LiDAR Processing
LiDAR (Light Detection and Ranging) produces dense 3D point clouds from airborne or terrestrial laser scanning. Each point has a position (X, Y, Z), return number, intensity, classification, and optionally colour, waveform, and timestamp. Whitebox has one of the most comprehensive LiDAR processing pipelines available in any open or commercial GIS platform, covering the full chain from raw point cloud inspection through ground filtering, gridding, structural analysis, and individual tree segmentation.
LiDAR Data Model
A LiDAR file (LAS or LAZ) is a structured binary format with:
- Header: file-level metadata — bounding box, CRS, point count, record format version, generating software, and global statistics.
- Point records: per-point X/Y/Z, return metadata, intensity, classification (ground, low vegetation, buildings, water, etc.).
- Variable length records (VLRs): CRS definitions, waveform lookups, extra byte descriptions, and custom metadata.

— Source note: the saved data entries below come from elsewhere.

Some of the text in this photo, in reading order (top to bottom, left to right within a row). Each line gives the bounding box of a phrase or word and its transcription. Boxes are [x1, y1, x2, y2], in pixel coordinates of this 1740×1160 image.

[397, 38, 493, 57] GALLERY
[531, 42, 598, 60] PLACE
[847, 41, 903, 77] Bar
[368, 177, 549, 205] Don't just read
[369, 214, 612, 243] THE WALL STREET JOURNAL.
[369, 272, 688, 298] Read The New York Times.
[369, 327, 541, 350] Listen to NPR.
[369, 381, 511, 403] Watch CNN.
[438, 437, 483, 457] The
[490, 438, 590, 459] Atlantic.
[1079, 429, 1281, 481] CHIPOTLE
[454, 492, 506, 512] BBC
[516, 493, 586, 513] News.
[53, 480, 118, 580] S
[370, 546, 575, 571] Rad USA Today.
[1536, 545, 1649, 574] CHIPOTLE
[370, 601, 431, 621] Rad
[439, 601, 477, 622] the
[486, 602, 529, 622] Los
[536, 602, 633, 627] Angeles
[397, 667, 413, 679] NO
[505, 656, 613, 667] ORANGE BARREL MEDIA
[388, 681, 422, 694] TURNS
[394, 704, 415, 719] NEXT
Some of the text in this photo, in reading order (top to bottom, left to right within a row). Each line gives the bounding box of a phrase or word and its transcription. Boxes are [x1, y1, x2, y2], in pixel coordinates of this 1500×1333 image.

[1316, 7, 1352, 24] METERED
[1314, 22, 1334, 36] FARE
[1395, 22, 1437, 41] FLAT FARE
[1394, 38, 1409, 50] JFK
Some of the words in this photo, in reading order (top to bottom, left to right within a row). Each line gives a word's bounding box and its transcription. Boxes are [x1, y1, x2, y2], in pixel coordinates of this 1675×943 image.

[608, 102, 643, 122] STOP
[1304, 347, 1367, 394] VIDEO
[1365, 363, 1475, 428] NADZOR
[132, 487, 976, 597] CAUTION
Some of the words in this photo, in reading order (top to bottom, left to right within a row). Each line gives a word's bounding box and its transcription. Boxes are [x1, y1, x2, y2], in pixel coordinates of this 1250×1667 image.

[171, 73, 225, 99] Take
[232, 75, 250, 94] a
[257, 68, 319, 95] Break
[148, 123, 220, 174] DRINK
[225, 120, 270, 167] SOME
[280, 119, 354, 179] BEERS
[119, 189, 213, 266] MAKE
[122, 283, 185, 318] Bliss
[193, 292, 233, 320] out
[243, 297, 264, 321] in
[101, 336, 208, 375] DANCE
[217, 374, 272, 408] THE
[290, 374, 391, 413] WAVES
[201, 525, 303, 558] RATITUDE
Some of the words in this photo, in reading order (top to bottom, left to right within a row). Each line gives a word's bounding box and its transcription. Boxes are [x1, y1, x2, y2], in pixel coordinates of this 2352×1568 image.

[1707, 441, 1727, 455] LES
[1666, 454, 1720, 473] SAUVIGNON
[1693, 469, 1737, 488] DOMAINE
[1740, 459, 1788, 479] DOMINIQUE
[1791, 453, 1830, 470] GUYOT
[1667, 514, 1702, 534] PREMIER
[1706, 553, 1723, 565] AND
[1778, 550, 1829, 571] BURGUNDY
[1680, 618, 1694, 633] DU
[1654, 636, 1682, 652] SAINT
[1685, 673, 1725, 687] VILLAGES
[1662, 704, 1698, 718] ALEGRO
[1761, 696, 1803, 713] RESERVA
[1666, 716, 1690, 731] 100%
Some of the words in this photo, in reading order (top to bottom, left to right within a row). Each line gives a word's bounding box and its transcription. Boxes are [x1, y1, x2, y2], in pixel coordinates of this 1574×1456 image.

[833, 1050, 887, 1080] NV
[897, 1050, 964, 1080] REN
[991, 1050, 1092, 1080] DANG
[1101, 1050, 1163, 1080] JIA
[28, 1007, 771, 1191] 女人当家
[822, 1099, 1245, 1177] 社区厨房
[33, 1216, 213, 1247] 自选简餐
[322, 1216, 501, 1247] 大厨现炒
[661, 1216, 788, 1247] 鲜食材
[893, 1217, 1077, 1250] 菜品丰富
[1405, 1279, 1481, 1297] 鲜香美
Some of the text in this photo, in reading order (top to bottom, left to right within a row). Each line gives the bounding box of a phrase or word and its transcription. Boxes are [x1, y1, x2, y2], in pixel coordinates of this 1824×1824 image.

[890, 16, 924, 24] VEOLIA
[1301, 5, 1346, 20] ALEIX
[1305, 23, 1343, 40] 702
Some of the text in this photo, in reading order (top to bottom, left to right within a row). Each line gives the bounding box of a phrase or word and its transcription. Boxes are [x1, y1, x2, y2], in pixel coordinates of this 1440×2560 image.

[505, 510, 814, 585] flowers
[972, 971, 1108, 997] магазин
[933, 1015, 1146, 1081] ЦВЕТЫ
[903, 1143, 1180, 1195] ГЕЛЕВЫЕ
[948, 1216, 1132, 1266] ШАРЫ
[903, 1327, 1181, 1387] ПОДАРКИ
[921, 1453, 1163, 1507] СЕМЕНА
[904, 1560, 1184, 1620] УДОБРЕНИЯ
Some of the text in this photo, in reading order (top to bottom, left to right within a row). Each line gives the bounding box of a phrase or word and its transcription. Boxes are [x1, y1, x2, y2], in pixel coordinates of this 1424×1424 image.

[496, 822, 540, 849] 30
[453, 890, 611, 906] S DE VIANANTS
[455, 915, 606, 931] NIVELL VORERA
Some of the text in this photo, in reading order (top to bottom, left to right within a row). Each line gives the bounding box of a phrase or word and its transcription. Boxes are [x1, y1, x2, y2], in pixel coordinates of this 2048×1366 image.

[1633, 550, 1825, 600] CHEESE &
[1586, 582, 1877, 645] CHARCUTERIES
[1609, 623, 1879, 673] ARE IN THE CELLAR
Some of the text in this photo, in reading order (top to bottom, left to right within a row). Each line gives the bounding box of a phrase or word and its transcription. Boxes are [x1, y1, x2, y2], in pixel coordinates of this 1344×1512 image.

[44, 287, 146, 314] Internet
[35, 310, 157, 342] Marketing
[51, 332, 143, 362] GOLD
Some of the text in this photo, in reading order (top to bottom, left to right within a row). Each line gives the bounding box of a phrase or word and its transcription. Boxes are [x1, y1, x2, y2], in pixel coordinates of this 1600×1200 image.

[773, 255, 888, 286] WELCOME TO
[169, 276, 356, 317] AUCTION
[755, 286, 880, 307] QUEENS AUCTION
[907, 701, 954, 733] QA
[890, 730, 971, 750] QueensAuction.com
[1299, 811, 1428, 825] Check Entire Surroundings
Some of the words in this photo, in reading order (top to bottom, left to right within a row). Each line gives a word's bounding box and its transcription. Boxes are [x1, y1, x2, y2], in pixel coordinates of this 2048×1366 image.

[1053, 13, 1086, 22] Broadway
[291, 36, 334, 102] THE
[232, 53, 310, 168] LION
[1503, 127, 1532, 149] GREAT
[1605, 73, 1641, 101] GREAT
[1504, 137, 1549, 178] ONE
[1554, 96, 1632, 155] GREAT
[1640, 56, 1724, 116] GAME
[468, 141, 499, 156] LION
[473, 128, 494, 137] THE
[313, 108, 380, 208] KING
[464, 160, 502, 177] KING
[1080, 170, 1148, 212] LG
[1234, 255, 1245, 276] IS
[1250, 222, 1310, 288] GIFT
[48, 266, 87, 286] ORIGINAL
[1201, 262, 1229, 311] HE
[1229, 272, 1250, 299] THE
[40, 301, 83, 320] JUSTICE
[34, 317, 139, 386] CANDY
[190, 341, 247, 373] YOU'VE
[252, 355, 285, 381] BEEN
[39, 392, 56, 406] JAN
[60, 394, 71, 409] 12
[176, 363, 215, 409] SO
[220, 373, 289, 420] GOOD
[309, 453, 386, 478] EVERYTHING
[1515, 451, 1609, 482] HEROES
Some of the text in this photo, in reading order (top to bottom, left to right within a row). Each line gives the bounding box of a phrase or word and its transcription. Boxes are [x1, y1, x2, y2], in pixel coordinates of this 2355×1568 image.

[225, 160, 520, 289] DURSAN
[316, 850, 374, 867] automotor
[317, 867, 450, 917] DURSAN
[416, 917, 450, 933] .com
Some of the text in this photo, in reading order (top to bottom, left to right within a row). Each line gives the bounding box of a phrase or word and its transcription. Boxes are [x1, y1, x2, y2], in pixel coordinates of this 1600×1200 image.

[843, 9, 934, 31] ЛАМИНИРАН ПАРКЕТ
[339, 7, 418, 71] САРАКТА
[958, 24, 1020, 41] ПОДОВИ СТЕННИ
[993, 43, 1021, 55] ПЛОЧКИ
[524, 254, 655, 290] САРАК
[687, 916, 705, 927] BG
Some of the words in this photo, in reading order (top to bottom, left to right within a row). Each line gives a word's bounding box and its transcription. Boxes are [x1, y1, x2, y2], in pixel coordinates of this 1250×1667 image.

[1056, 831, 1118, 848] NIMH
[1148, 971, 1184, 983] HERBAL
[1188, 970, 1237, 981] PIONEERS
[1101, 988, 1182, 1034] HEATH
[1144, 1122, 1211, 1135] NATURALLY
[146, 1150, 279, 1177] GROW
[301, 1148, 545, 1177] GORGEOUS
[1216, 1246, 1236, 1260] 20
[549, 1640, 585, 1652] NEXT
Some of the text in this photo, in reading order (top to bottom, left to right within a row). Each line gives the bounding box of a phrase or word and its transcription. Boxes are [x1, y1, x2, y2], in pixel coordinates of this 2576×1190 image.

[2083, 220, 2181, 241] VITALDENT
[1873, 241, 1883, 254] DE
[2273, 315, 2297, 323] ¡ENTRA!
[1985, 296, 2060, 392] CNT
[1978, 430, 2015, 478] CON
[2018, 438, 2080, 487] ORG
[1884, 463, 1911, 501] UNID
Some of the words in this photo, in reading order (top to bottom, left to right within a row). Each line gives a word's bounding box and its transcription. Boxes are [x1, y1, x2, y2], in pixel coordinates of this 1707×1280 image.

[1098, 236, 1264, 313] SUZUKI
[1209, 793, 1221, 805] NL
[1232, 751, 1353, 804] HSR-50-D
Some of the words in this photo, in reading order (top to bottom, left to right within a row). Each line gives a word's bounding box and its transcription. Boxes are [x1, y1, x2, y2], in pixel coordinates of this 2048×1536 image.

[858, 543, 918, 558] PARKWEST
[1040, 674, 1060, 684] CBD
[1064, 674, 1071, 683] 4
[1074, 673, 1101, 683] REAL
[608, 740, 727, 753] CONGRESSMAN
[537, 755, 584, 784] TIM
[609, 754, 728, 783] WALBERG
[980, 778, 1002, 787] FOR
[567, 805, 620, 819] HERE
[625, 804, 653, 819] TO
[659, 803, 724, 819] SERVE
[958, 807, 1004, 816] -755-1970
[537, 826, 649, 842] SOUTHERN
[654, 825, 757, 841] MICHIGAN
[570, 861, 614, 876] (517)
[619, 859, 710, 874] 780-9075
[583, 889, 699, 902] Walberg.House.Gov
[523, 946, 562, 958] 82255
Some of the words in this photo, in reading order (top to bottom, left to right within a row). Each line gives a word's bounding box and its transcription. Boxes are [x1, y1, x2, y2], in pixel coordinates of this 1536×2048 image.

Modern point clouds can also be stored in COPC (Cloud-Optimized Point
Cloud) format — an indexed, HTTP-range-request-friendly LAS-in-COPC wrapper —
and in E57 (the ASTM exchange format) or PLY. Whitebox supports all
of these through wblidar.
Core Concepts
Before processing LiDAR data, understand these foundational terms:
- Return number: Which reflection from a single laser pulse. Pulse 1 is the first (often canopy top); pulse 2–5 capture midstory and ground returns.
- Point classification: ASPRS standard categories — ground (2), low veg (3), medium veg (4), high veg (5), buildings (6), noise (7), overlap (12), and others.
- Intensity: Reflectance value (0–65535) proportional to target brightness. Useful for vegetation density estimation and water detection.
- Ground filtering: Separating terrain points (classification 2) from vegetation and buildings; critical for accurate digital terrain models (DTMs).
- Digital terrain model (DTM): Raster surface of bare earth, computed from ground returns only. Used for hydrology, geomorphometry, and flood modelling.
- Digital surface model (DSM): Raster surface of highest returns (canopy top). Used for building detection and volume calculations.
- Canopy height model (CHM): DSM minus DTM; represents vegetation height above ground. Standard input for tree detection and segmentation.
- Point density: Points per square unit (typically points/m²). Higher density enables finer segmentation; lower density requires smoothing.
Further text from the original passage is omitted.